What you have to do
Leave the pictures out and return every line below exactly.

------ Data for processing

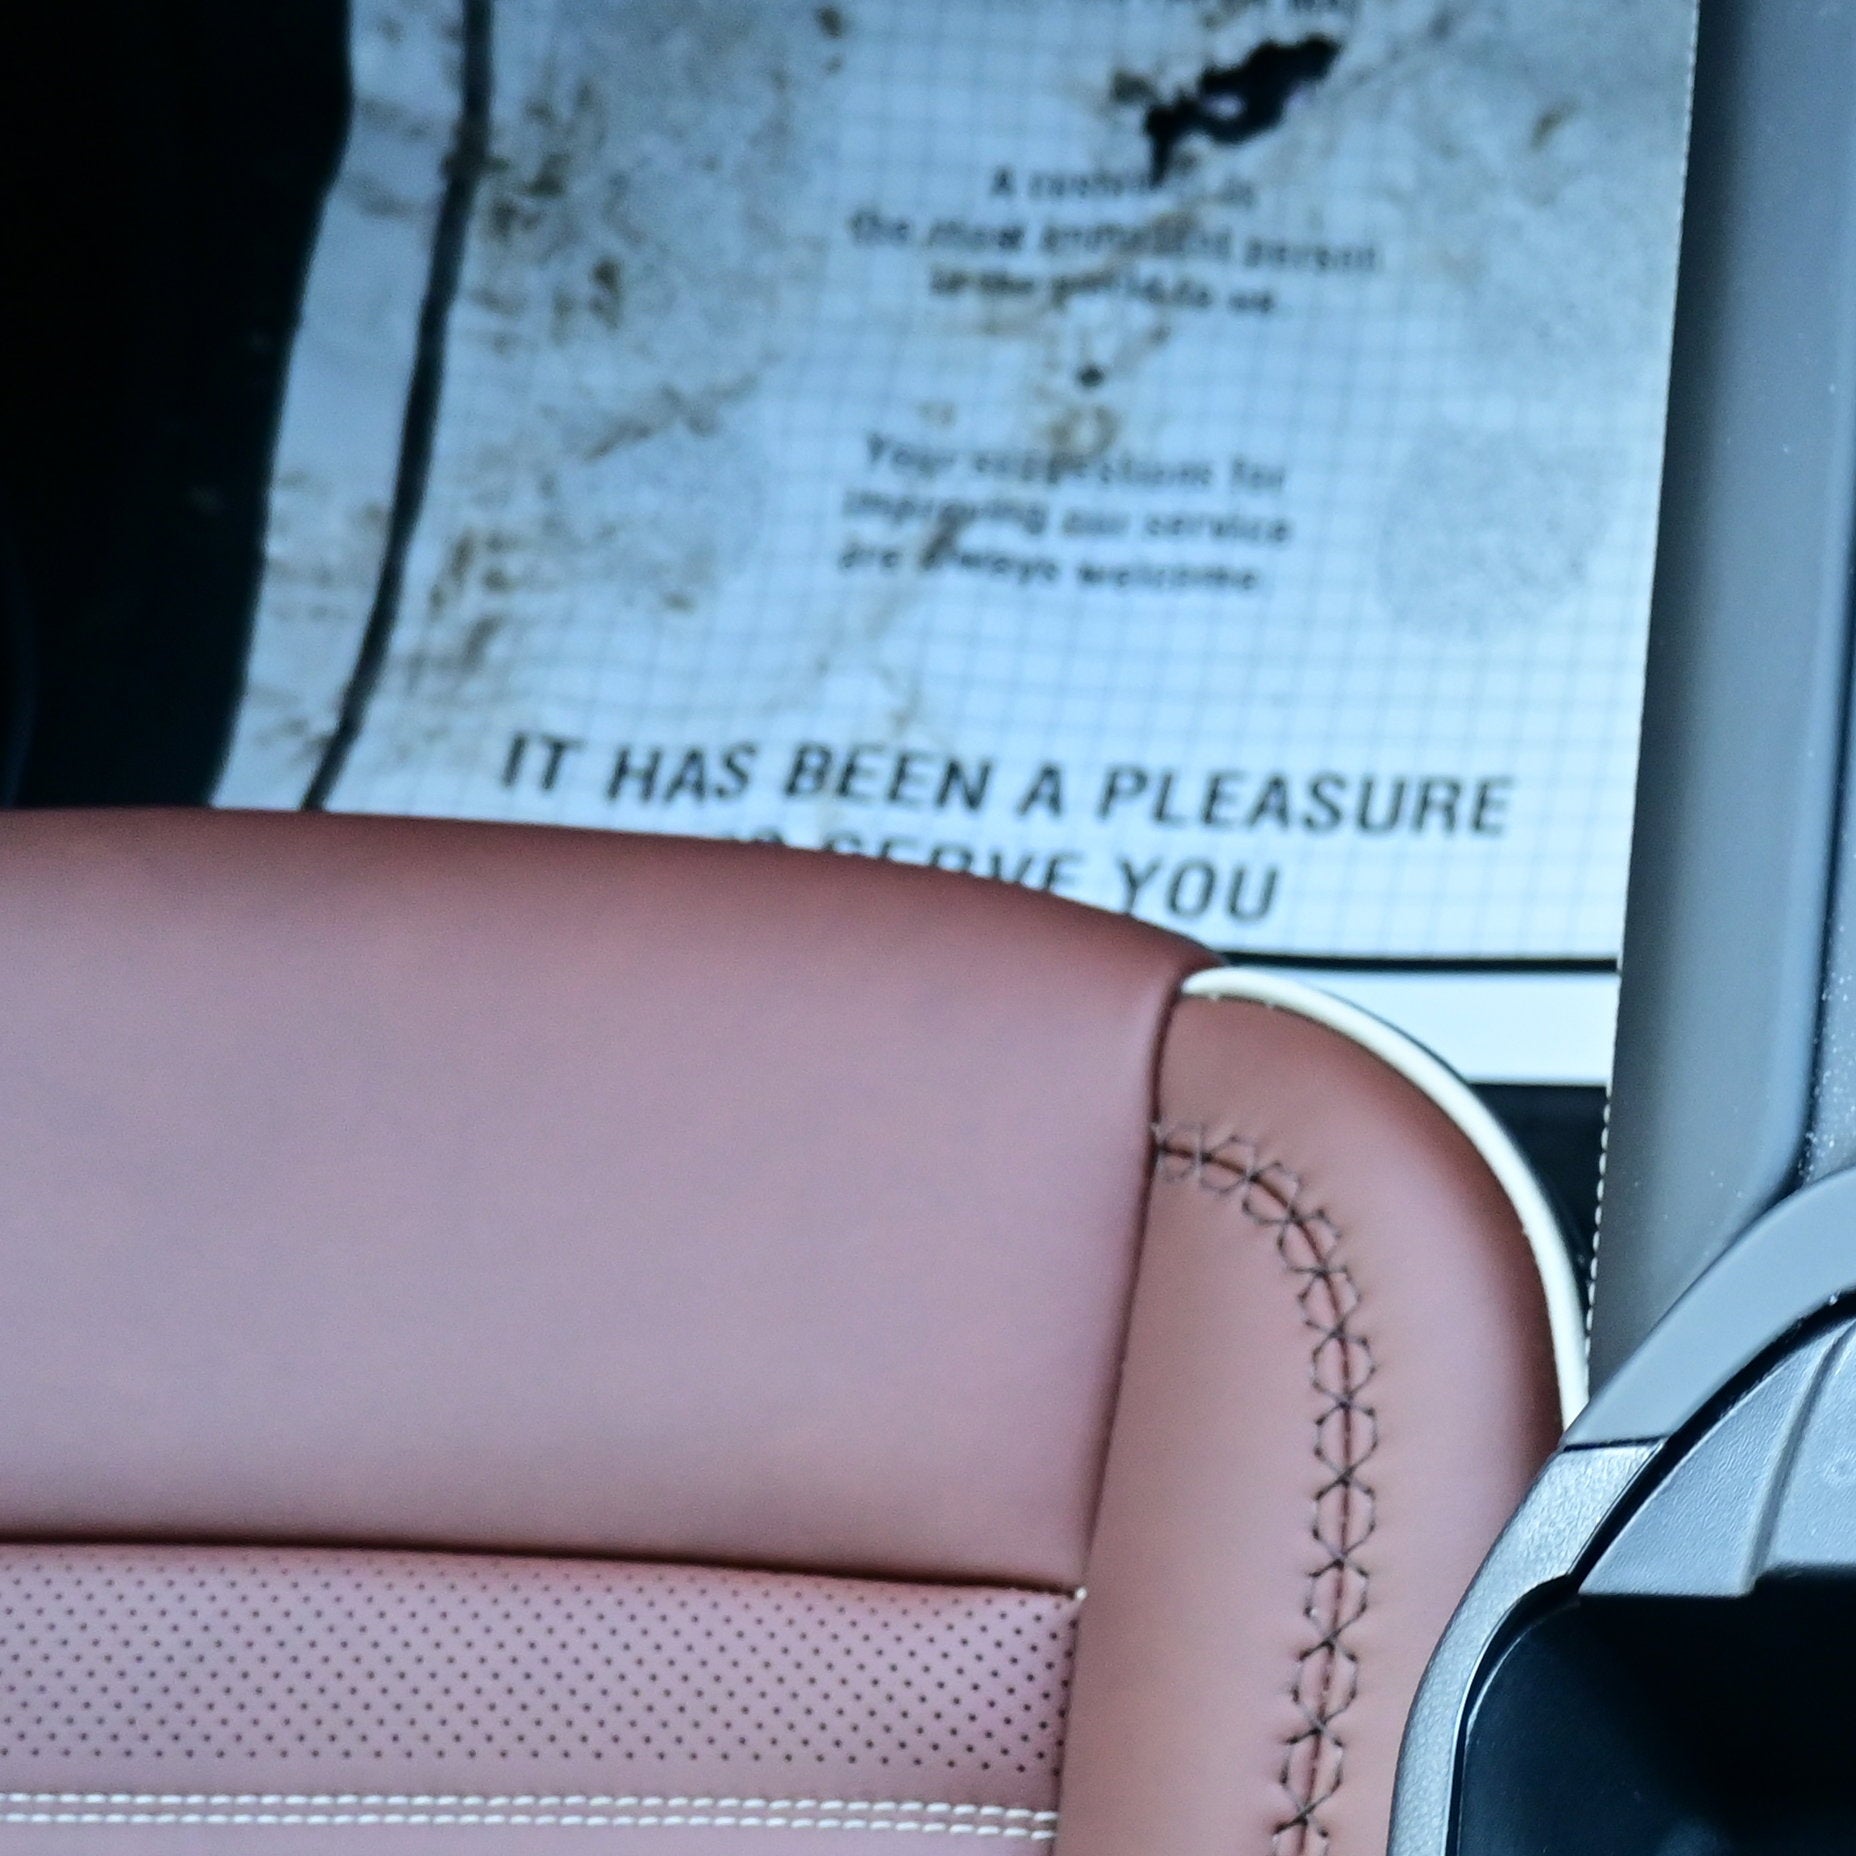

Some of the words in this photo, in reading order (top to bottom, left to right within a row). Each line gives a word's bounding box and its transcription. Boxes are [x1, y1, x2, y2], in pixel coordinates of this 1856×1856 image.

[503, 731, 585, 791] IT
[606, 741, 759, 802] HAS
[784, 741, 994, 812] BEEN
[1017, 762, 1066, 818] A
[1098, 764, 1517, 838] PLEASURE
[1117, 854, 1281, 924] YOU
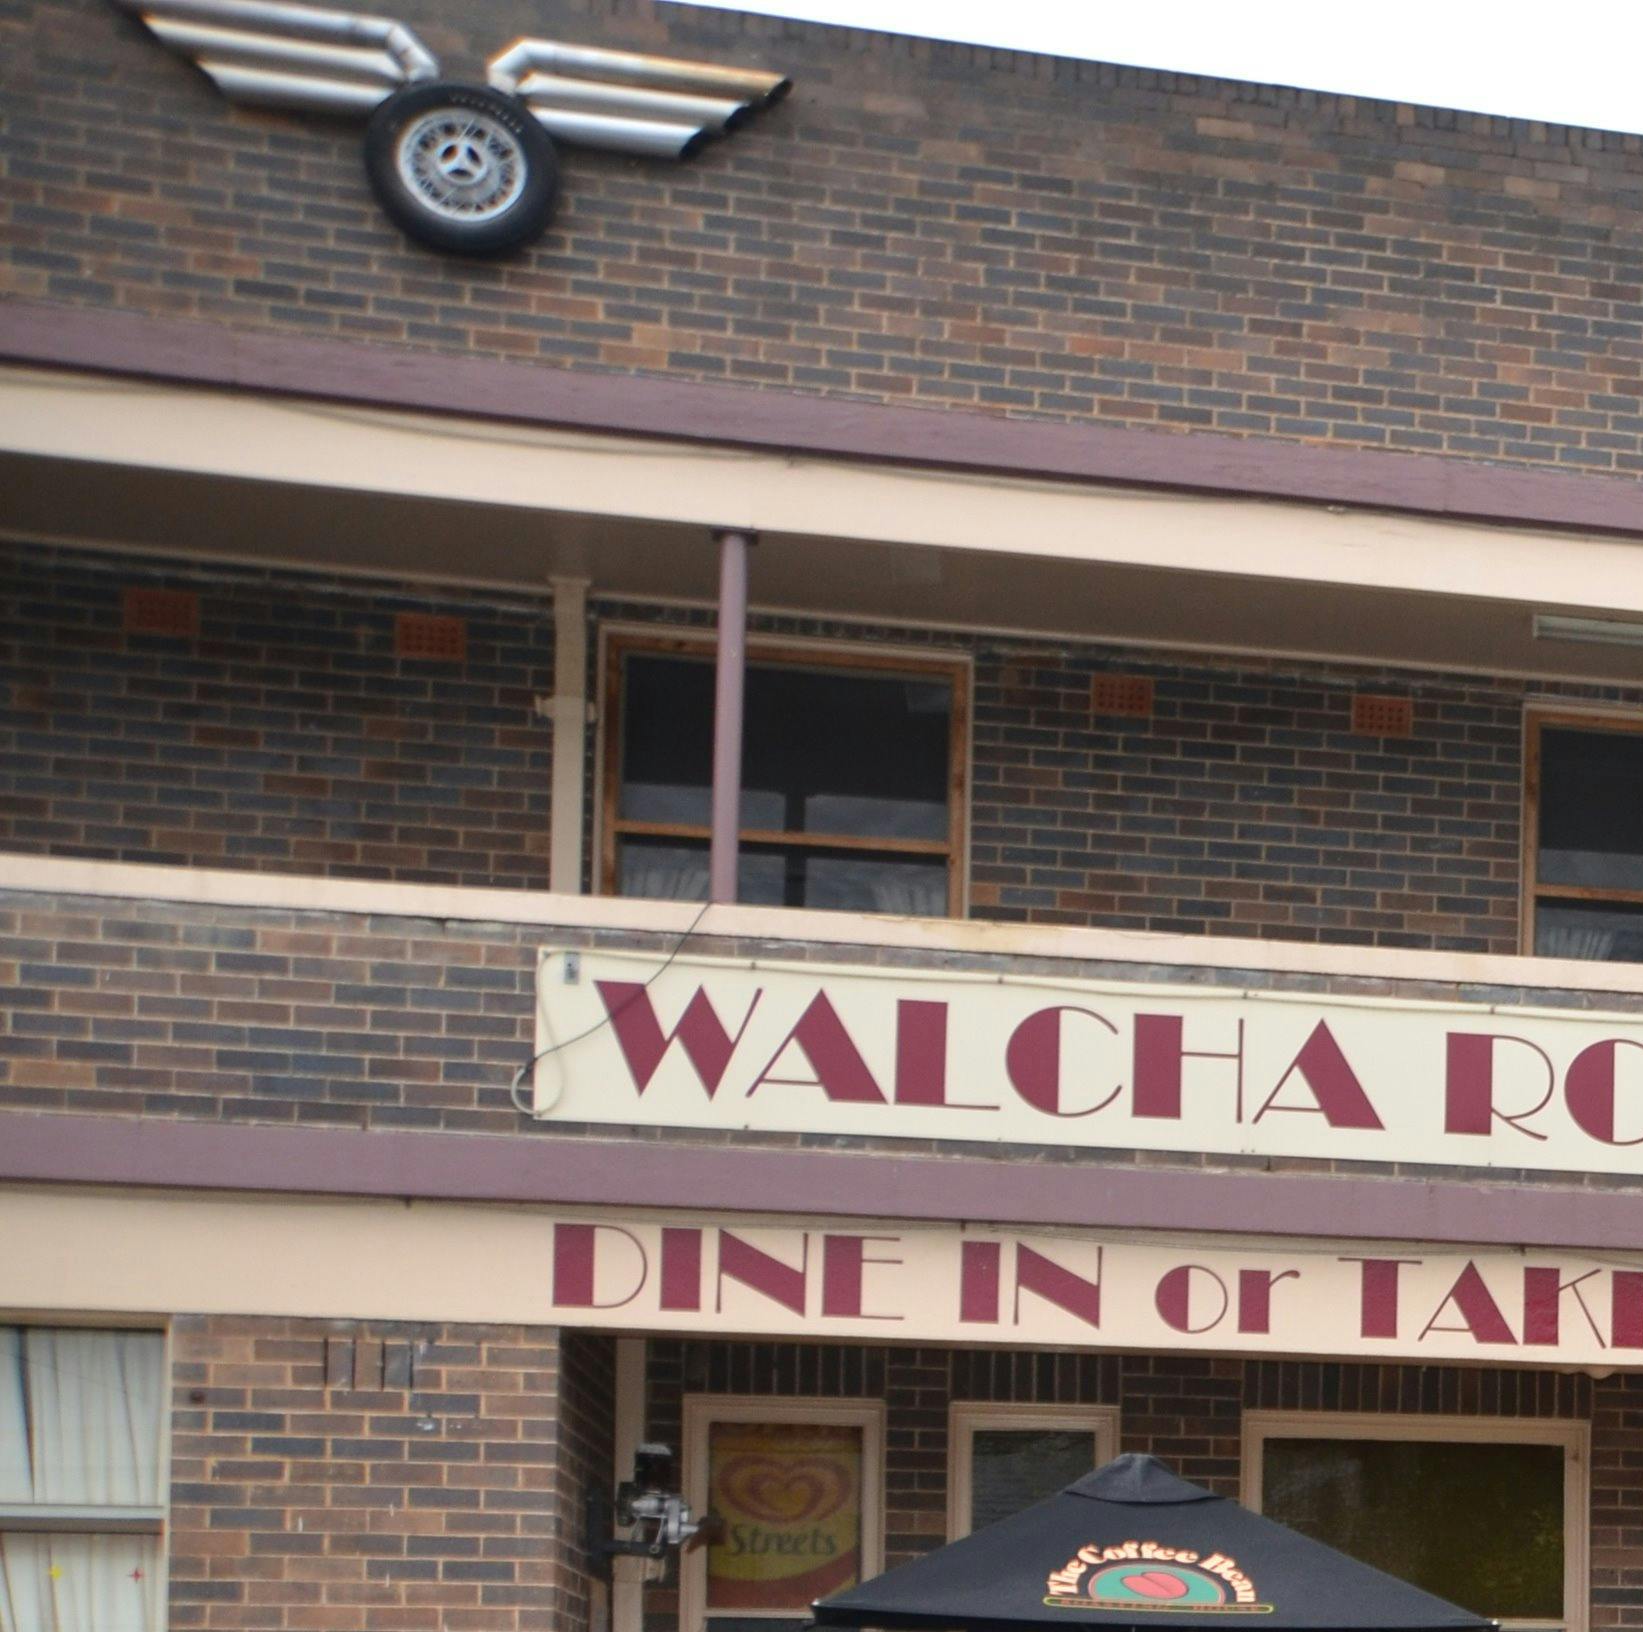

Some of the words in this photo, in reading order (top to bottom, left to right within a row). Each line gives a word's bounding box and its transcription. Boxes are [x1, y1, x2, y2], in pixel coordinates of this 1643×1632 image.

[593, 979, 1386, 1131] WALCHA
[551, 1222, 906, 1321] DINE
[958, 1240, 1104, 1330] IN
[1154, 1263, 1302, 1335] or
[732, 1523, 838, 1557] Streets
[1047, 1557, 1088, 1596] The
[1077, 1539, 1200, 1565] Coffee
[1198, 1551, 1257, 1603] Bean
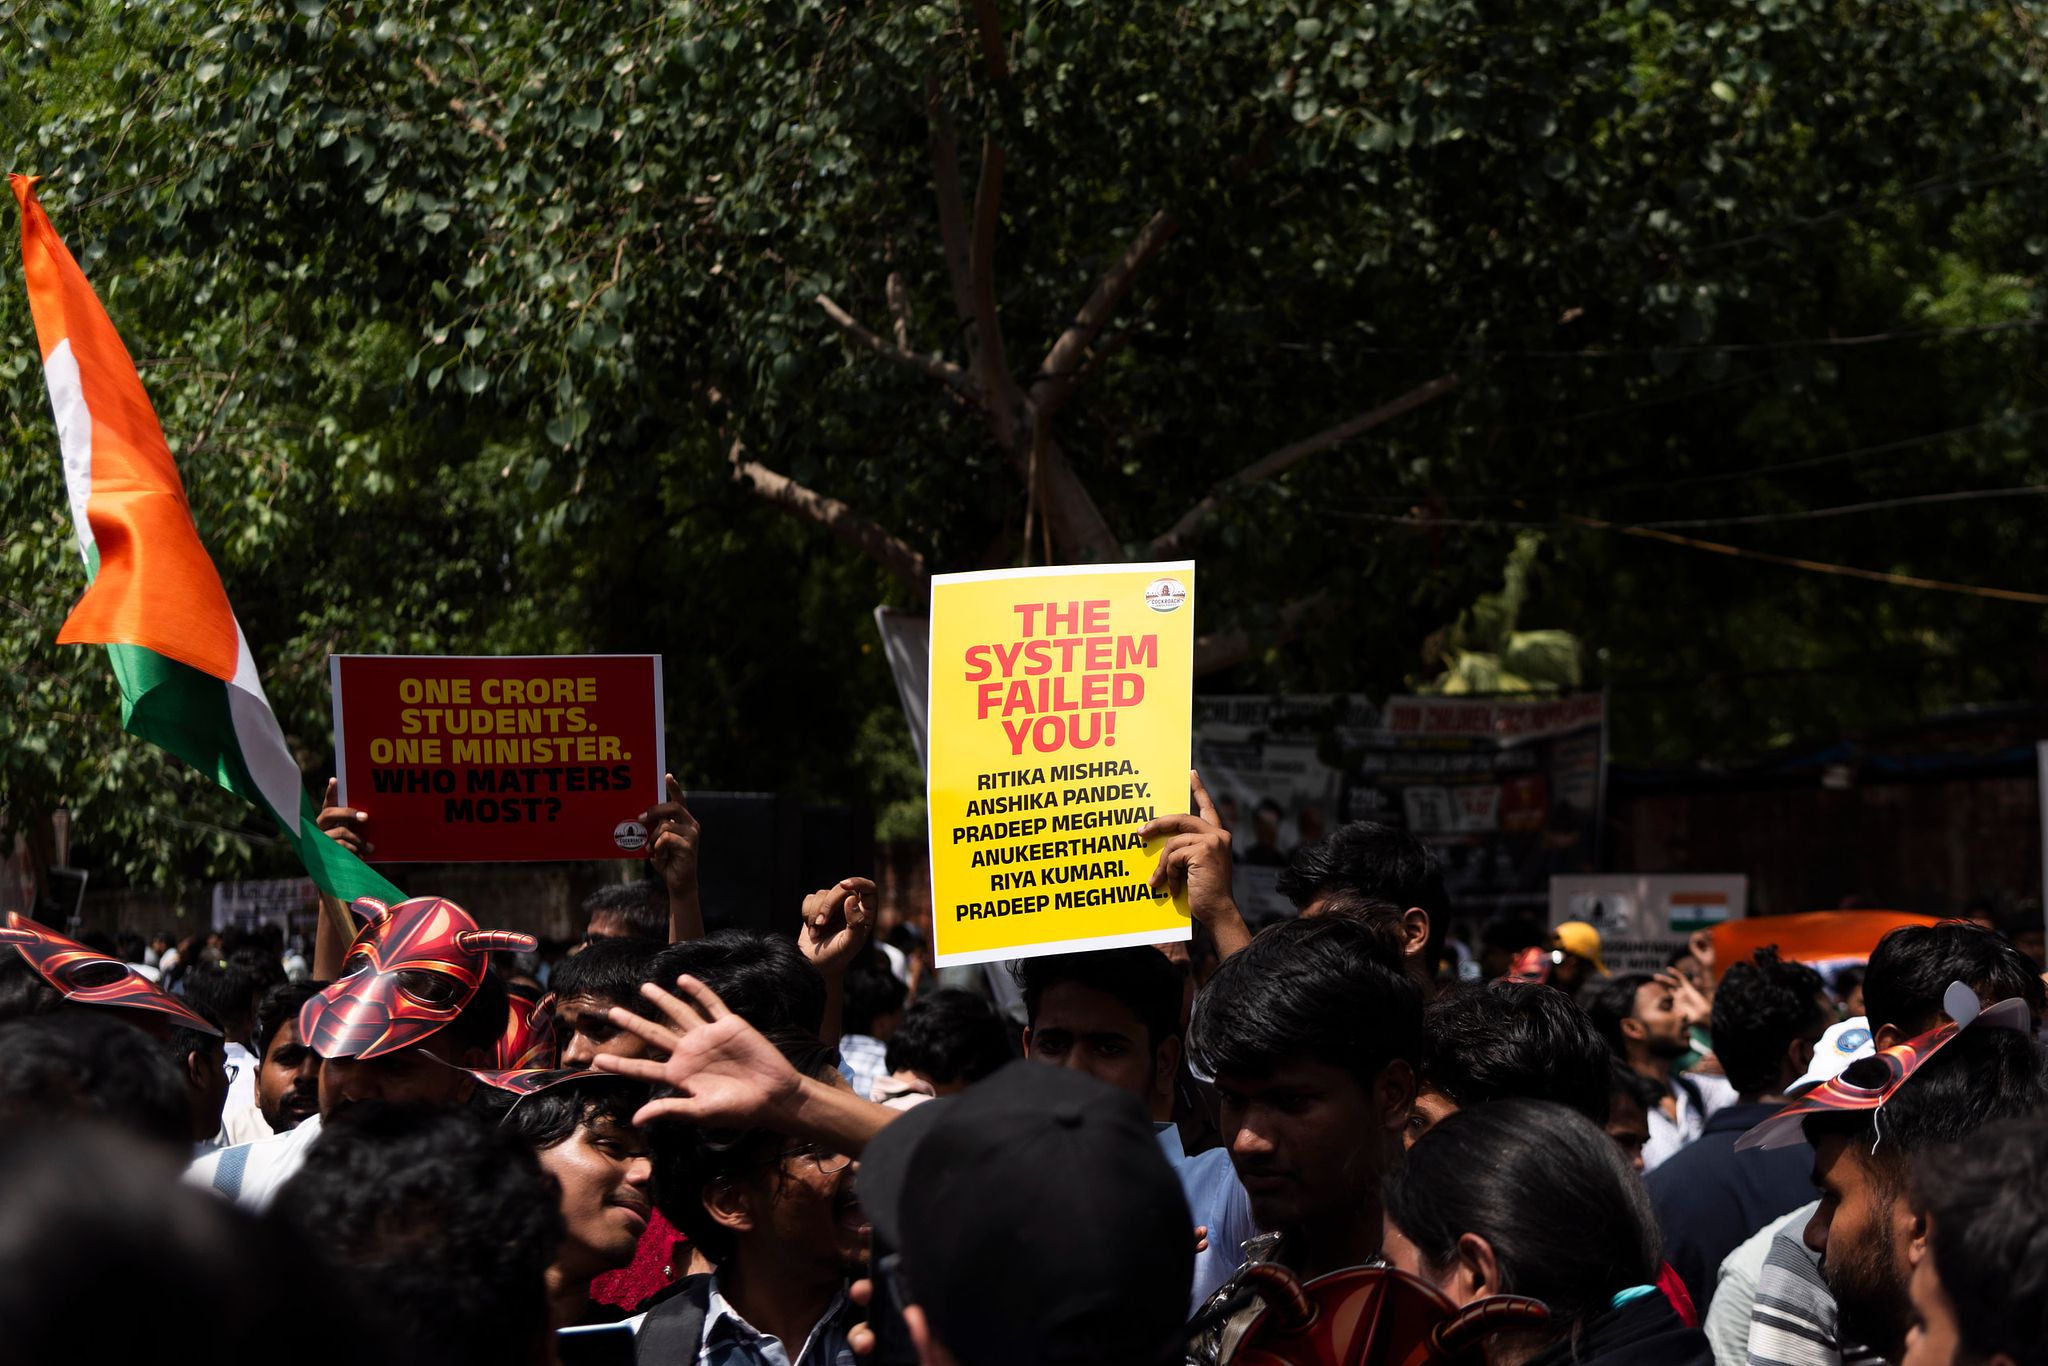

------------

Response area
Some of the words in this photo, in reading order (top to bottom, left to right within a row). Each line gives a word's bounding box and its transcription. Boxes are [x1, y1, x2, y2], in pixel coordinates of this 1856×1856 image.

[503, 731, 585, 791] IT
[606, 741, 759, 802] HAS
[784, 741, 994, 812] BEEN
[1017, 762, 1066, 818] A
[1098, 764, 1517, 838] PLEASURE
[1117, 854, 1281, 924] YOU

Some of the words in this photo, in reading order (top to bottom, left to right within a row). Each line gives a word's bounding box and its transcription. Boxes are [x1, y1, x2, y2], in pixel coordinates of this 1643×1632 image.

[593, 979, 1386, 1131] WALCHA
[551, 1222, 906, 1321] DINE
[958, 1240, 1104, 1330] IN
[1154, 1263, 1302, 1335] or
[732, 1523, 838, 1557] Streets
[1047, 1557, 1088, 1596] The
[1077, 1539, 1200, 1565] Coffee
[1198, 1551, 1257, 1603] Bean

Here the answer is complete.